Pātra-Nirṇaya and Ritual Procedure: Who to Feed, Who to Avoid, and Step-by-Step Śrāddha Performance
यवाम्बुना च देवानां दद्याद् अर्घ्यं विधानतः स्रग्गन्धधूपदीपांश् च दत्त्वा तेभ्यो यथाविधि
yavāmbunā ca devānāṃ dadyād arghyaṃ vidhānataḥ sraggandhadhūpadīpāṃś ca dattvā tebhyo yathāvidhi
Then, in the prescribed manner, one should offer arghya to the gods with water mixed with barley, and duly present garlands, fragrance, incense, and lamps in their proper order.
Sage Parāśara (in instruction to Maitreya)
Speaker: Parasara
Topic: Specific offerings (arghya with yavāmbu; srag-gandha-dhūpa-dīpa) and their ordered presentation to devas
Teaching: Ethical
Quality: precise and procedural
Concept: Material offerings become dhārmic when rendered in right order and intention, aligning the householder with ṛta (sacral order).
Vedantic Theme: Dharma
Application: Do daily worship with consistency—simple offerings (light, fragrance, food) made attentively and without haste.
Vishishtadvaita: Pūjā as īśvara-śeṣatva in practice: the self acts as the Lord’s servant, offering the world back to its indwelling master.
Bhakti Type: Dasya
This verse frames arghya—here with water mixed with barley—as a rule-governed act of reverence that harmonizes the worshipper with dharma and the ordained cosmic order.

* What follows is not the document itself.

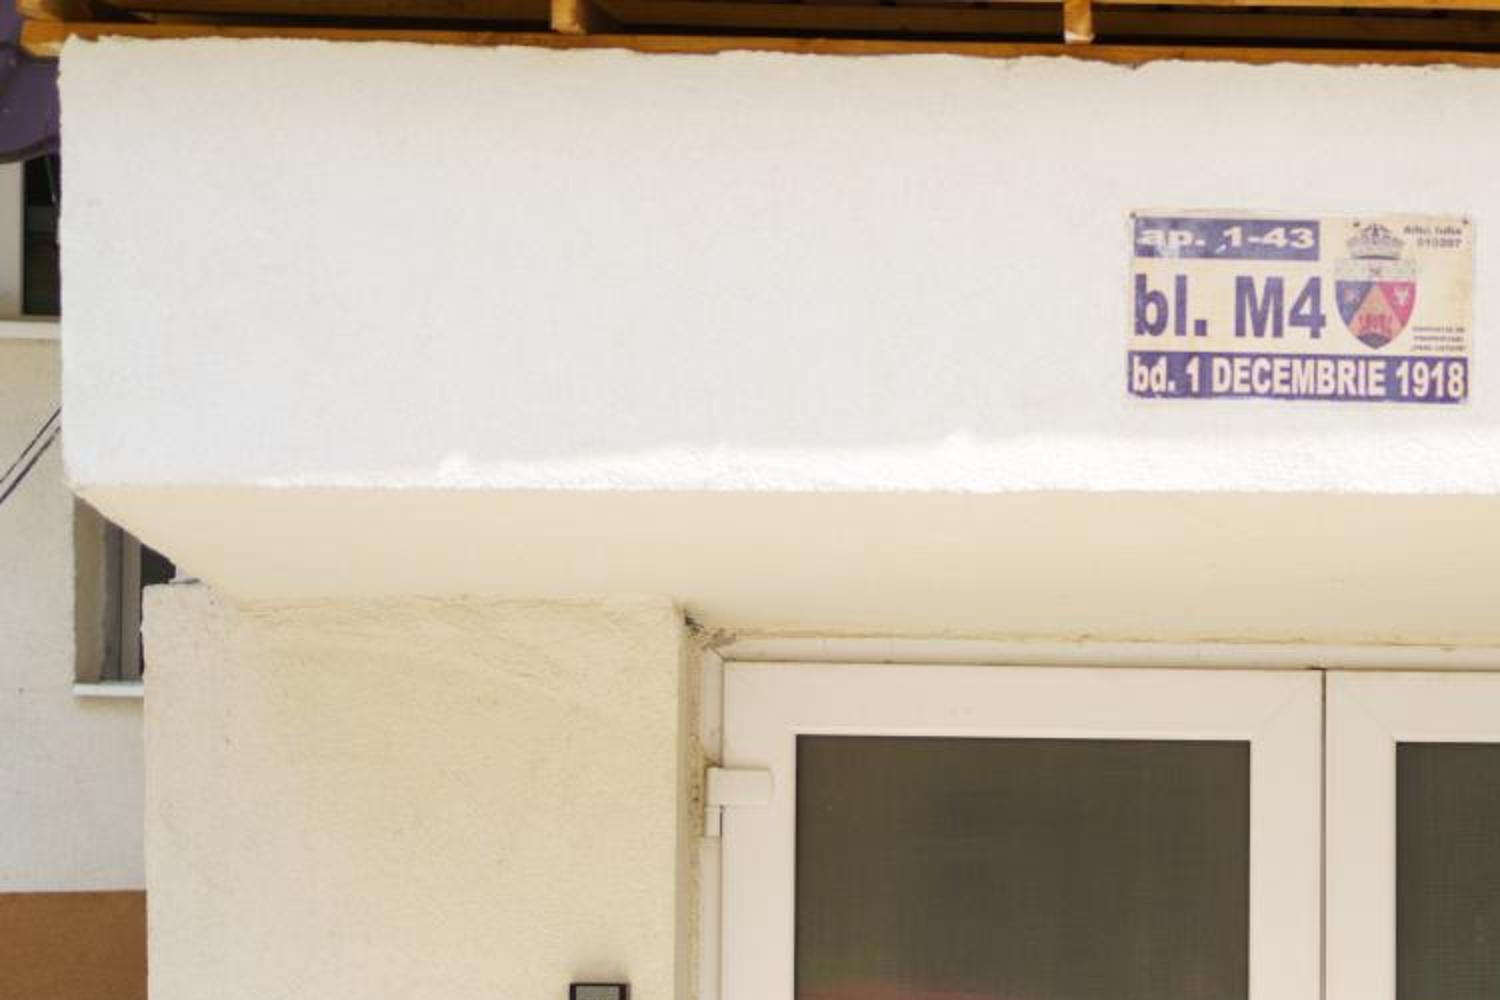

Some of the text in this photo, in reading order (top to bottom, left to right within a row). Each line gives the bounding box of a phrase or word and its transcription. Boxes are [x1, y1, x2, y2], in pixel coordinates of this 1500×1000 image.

[1136, 228, 1206, 256] ap.
[1134, 273, 1326, 339] bl. M4
[1132, 357, 1465, 398] bd. 1 DECEMBRIE 1918
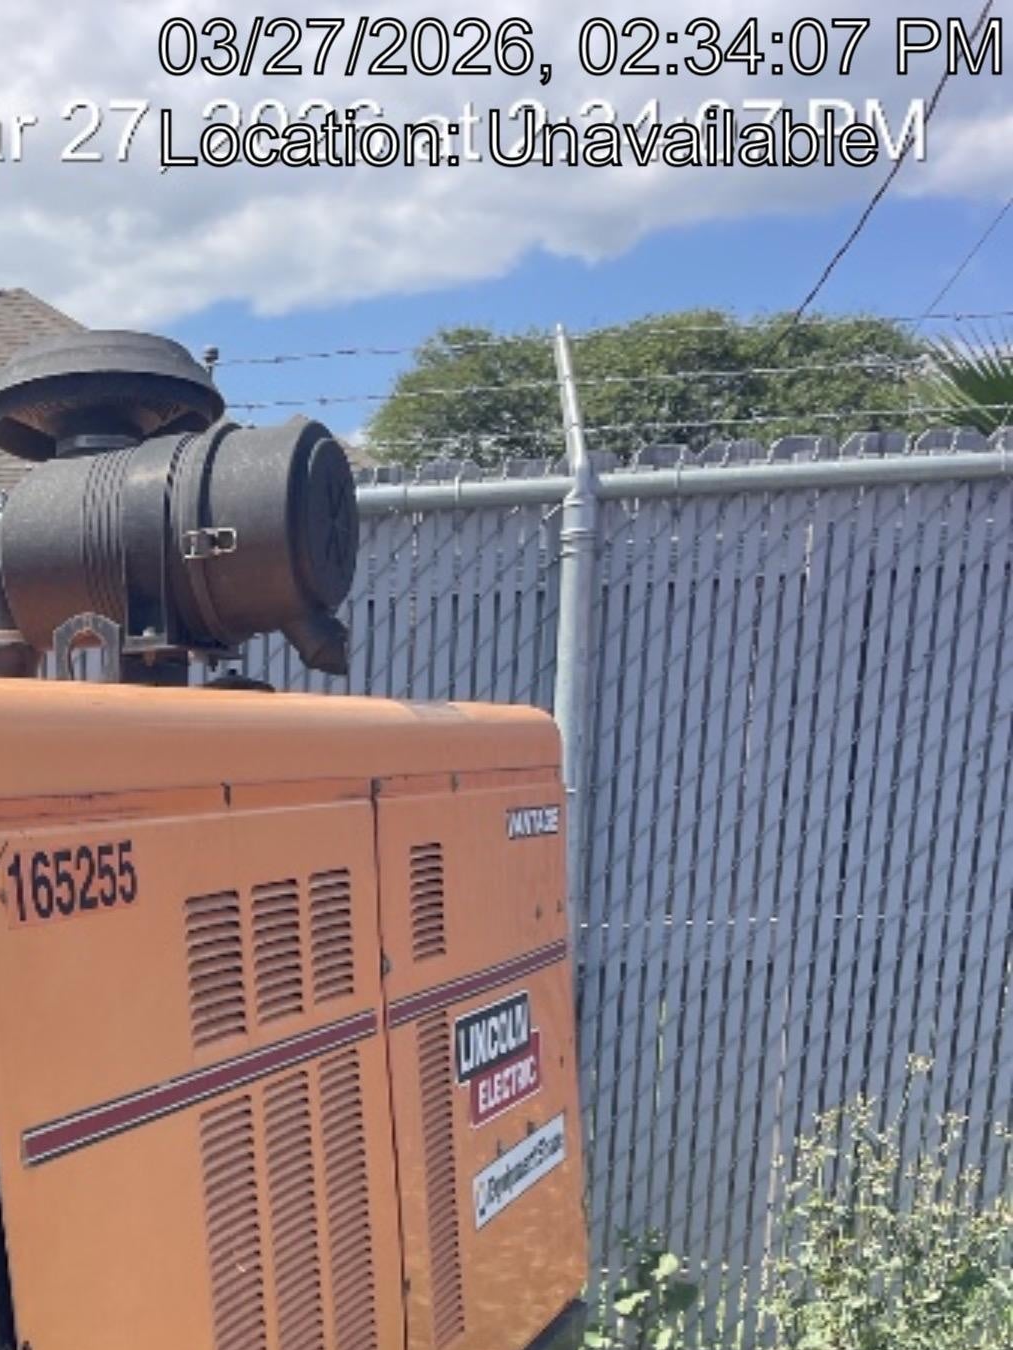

Parāśara emphasizes vidhānataḥ and yathāvidhi—worship is not casual but performed in a prescribed order: arghya first, then garlands, fragrance, incense, and lamps as regulated offerings.
Even when the verse names offerings to the devas, the Vishnu Purana’s broader frame treats ritual correctness (dharma) as part of the divine order ultimately rooted in Vishnu’s sovereignty, with proper worship reflecting alignment with that supreme reality.